◆ YOUR GOAL
Please give back, exactly as written, only the line containing "Some of the text" and every line after it until the data below ends.

____________________

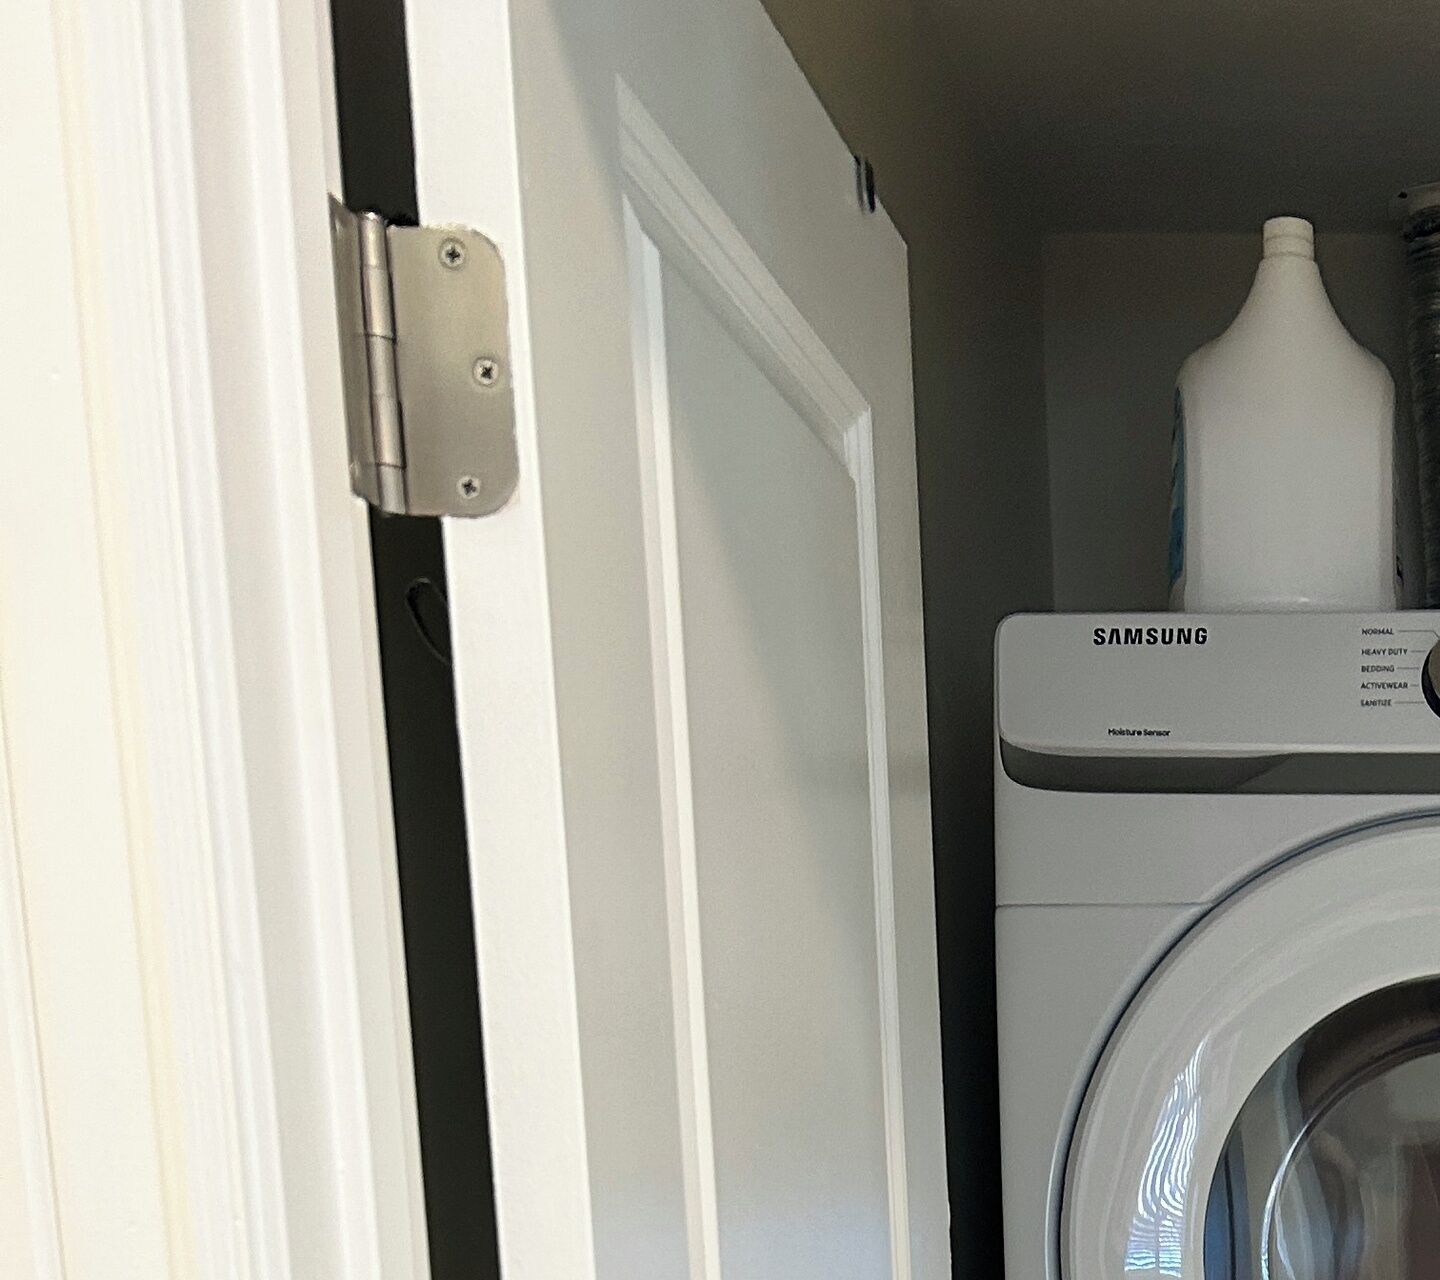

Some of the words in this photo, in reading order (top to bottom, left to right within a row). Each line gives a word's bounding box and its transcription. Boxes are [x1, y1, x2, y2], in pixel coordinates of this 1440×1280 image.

[1361, 628, 1395, 636] NORMAL
[1093, 627, 1208, 646] SAMSUNG
[1361, 648, 1387, 656] HEAVY
[1388, 648, 1408, 656] DUTY
[1361, 665, 1395, 673] BEDDING
[1360, 681, 1409, 690] ACTIVEWEAR
[1361, 699, 1392, 707] SANITIZE
[1108, 728, 1142, 737] Moisture
[1143, 728, 1171, 737] Sensor
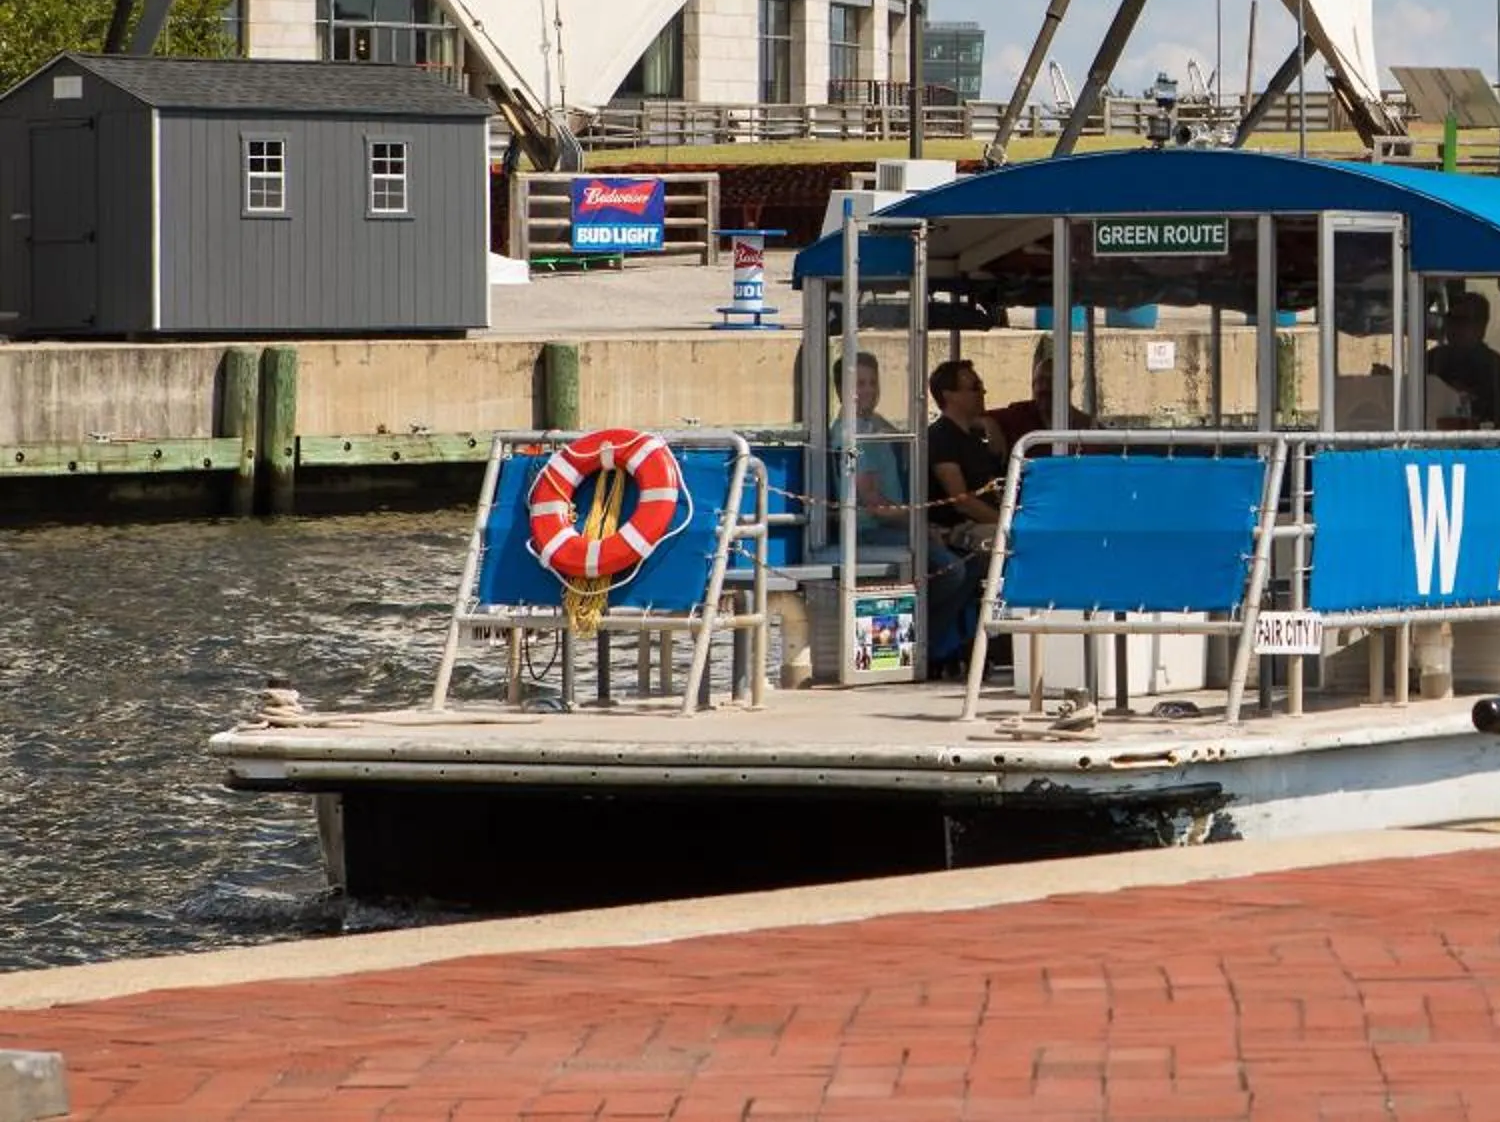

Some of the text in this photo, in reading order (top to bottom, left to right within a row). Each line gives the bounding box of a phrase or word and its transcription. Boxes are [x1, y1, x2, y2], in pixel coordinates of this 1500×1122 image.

[576, 227, 659, 244] BUD LIGHT
[1098, 225, 1225, 245] GREEN ROUTE
[1255, 619, 1282, 647] FAIR
[1286, 619, 1311, 647] CITY

____________________

◆ EXPECTED OUTPUT
Some of the text in this photo, in reading order (top to bottom, left to right within a row). Each line gives the bounding box of a phrase or word and its transcription. Boxes are [x1, y1, x2, y2], in pixel coordinates of this 1500×1122 image.

[576, 227, 659, 244] BUD LIGHT
[1098, 225, 1225, 245] GREEN ROUTE
[1255, 619, 1282, 647] FAIR
[1286, 619, 1311, 647] CITY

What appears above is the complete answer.